**Action item:** In your copy, include no images, and write out every entry below exactly as it stands.

─── Information given ───

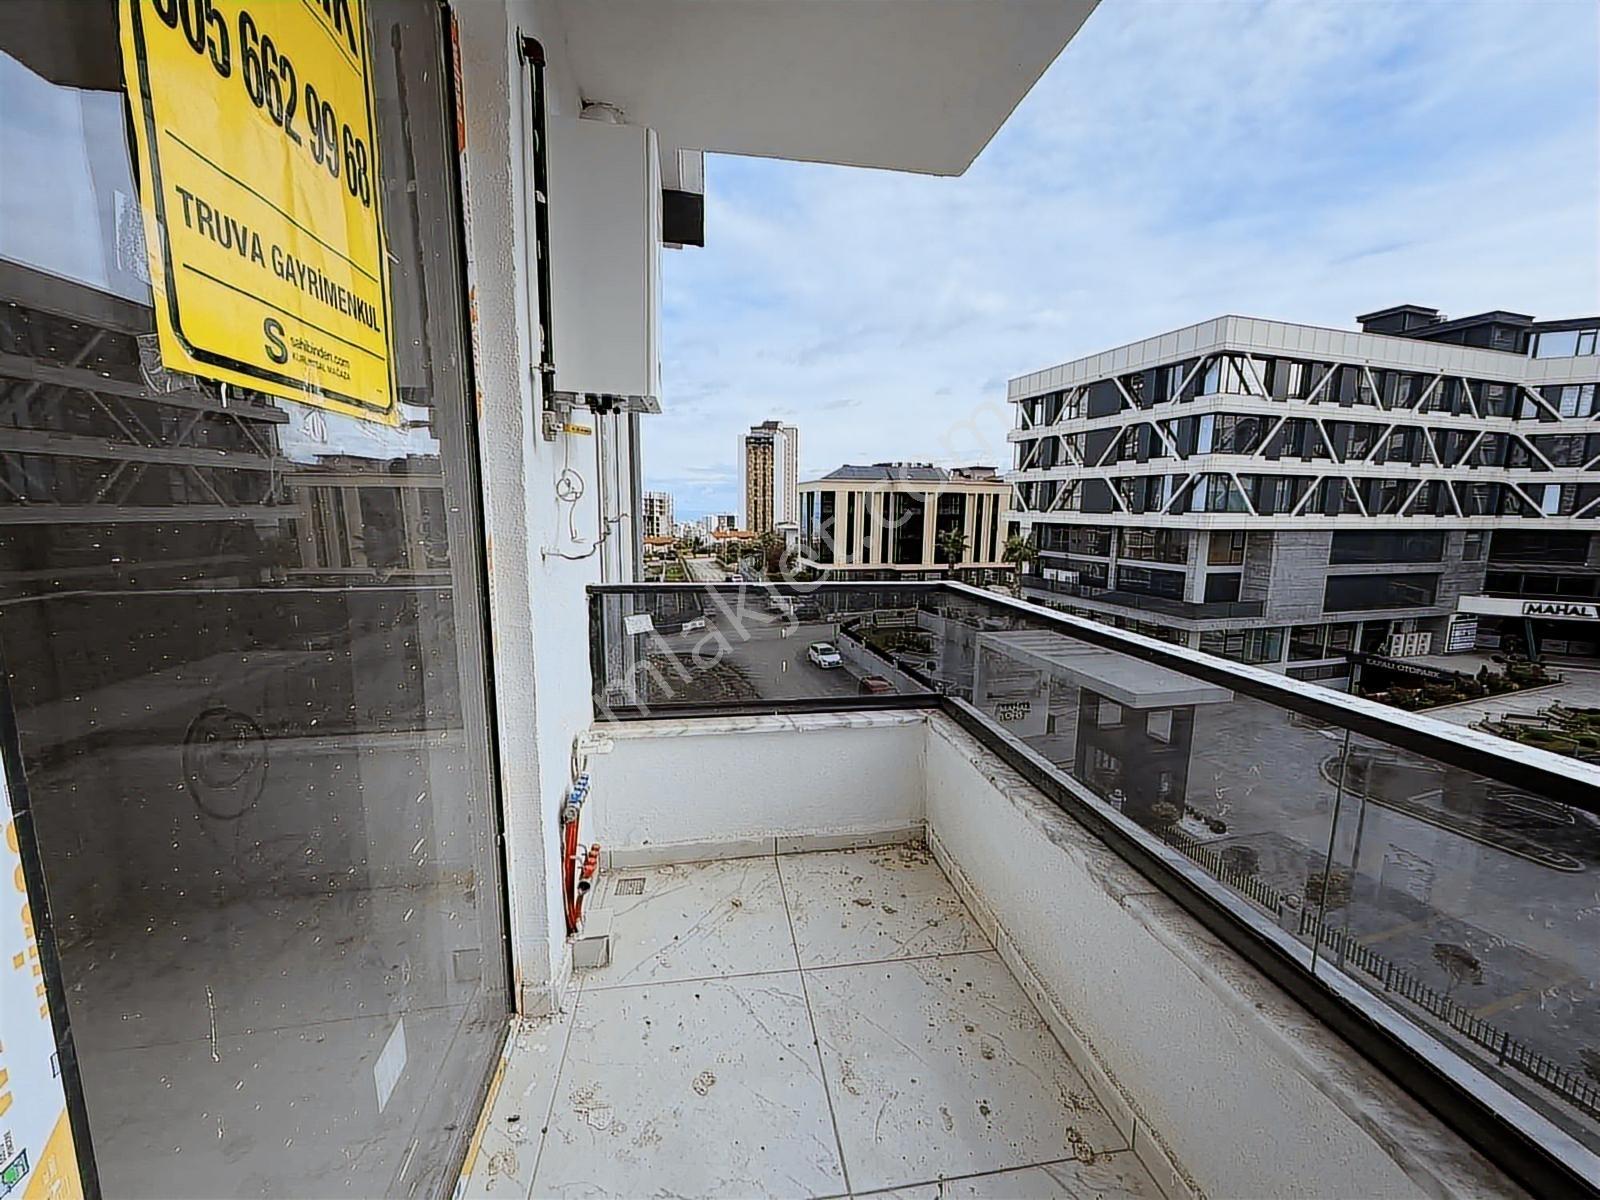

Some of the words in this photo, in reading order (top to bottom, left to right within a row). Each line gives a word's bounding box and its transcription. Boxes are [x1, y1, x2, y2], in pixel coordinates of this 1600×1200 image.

[239, 11, 302, 147] 662
[305, 83, 340, 179] 99
[343, 124, 370, 208] 68
[175, 185, 266, 268] TRUVA
[272, 244, 381, 332] GAYRİMENKUL
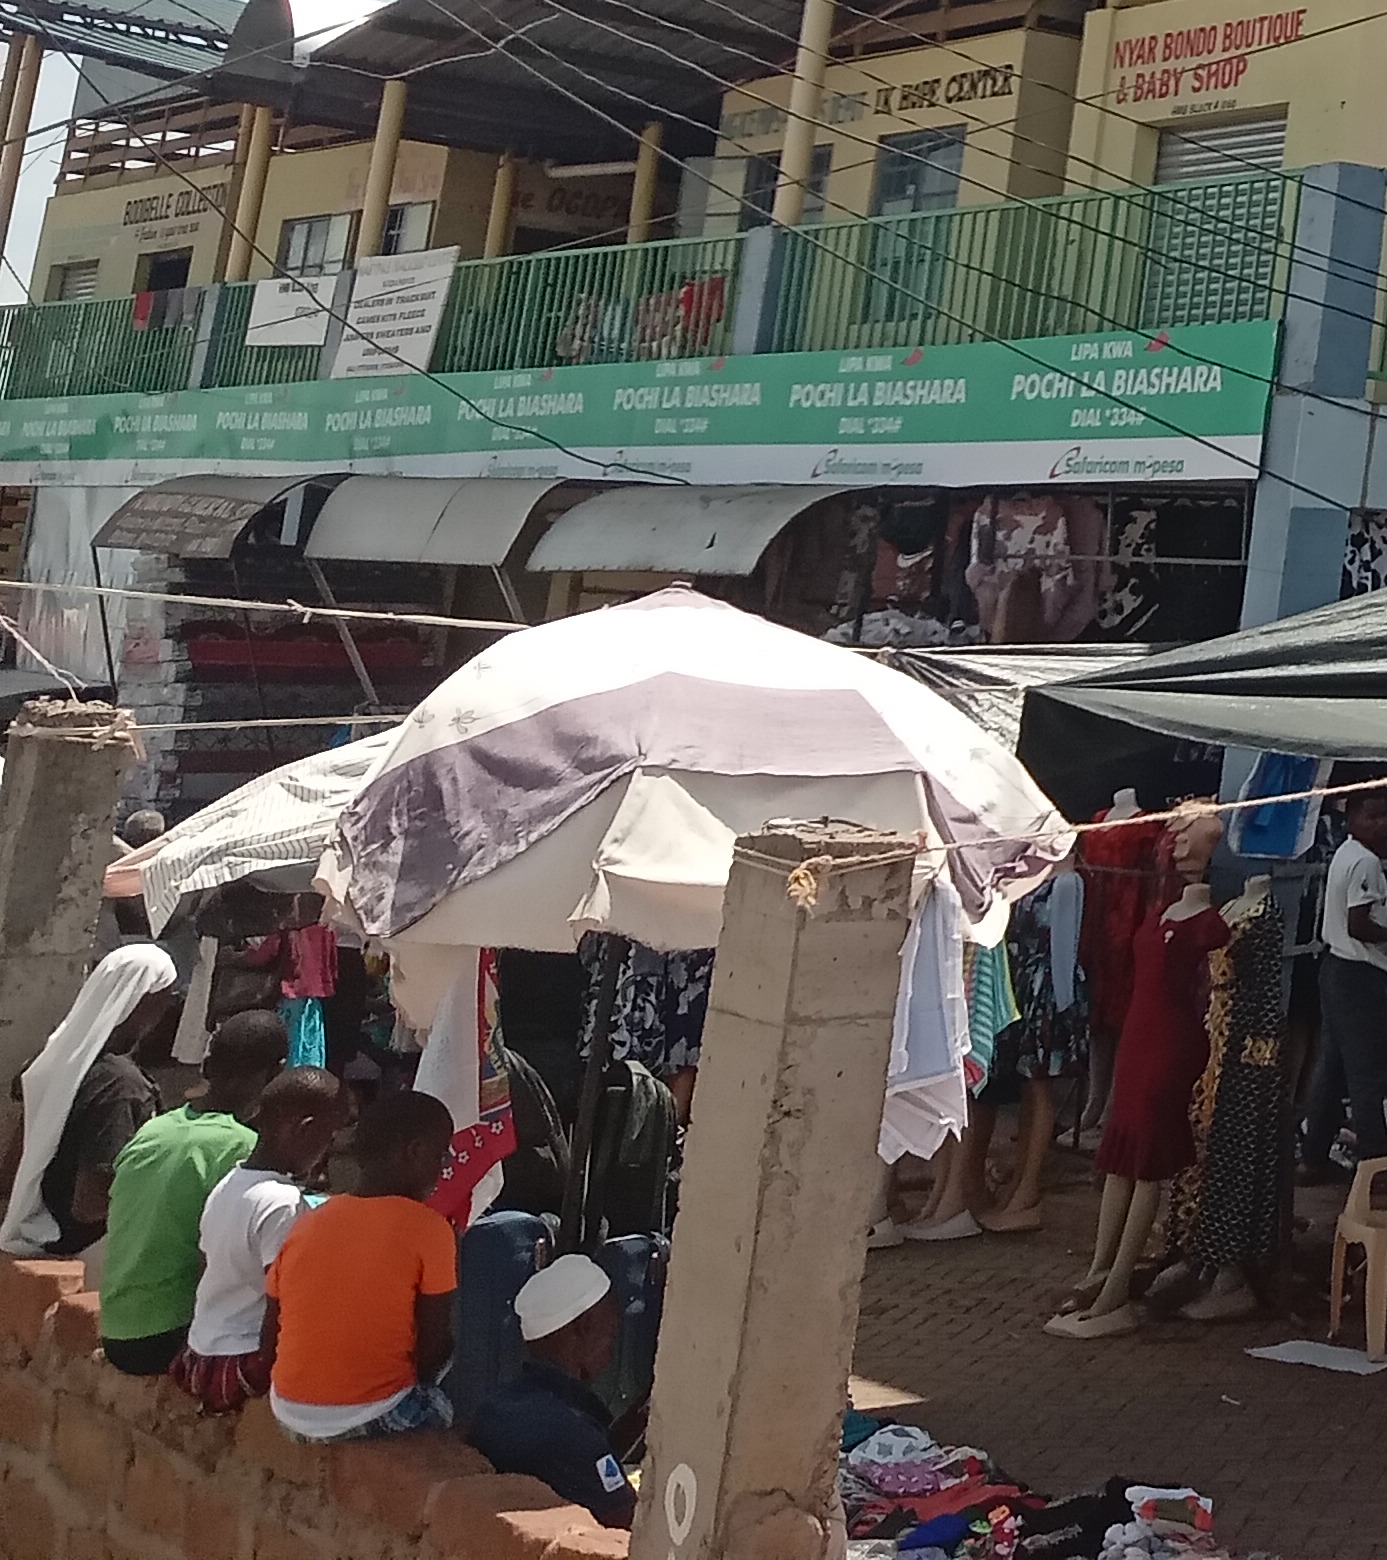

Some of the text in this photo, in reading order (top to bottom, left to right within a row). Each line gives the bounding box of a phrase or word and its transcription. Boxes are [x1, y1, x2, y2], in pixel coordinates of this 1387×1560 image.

───

**Your solution:**
Some of the words in this photo, in reading order (top to bottom, left to right within a row). Each line gives a word's bounding box and its transcription. Boxes are [x1, y1, x2, y2], in pixel coordinates of this 1600×1200 image.

[239, 11, 302, 147] 662
[305, 83, 340, 179] 99
[343, 124, 370, 208] 68
[175, 185, 266, 268] TRUVA
[272, 244, 381, 332] GAYRİMENKUL

Some of the text in this photo, in reading order (top to bottom, left to right within a row). Each line gives the bounding box of a phrase or word and its transcription. Boxes are [x1, y1, x2, y2], in pixel coordinates of this 1387×1560 image.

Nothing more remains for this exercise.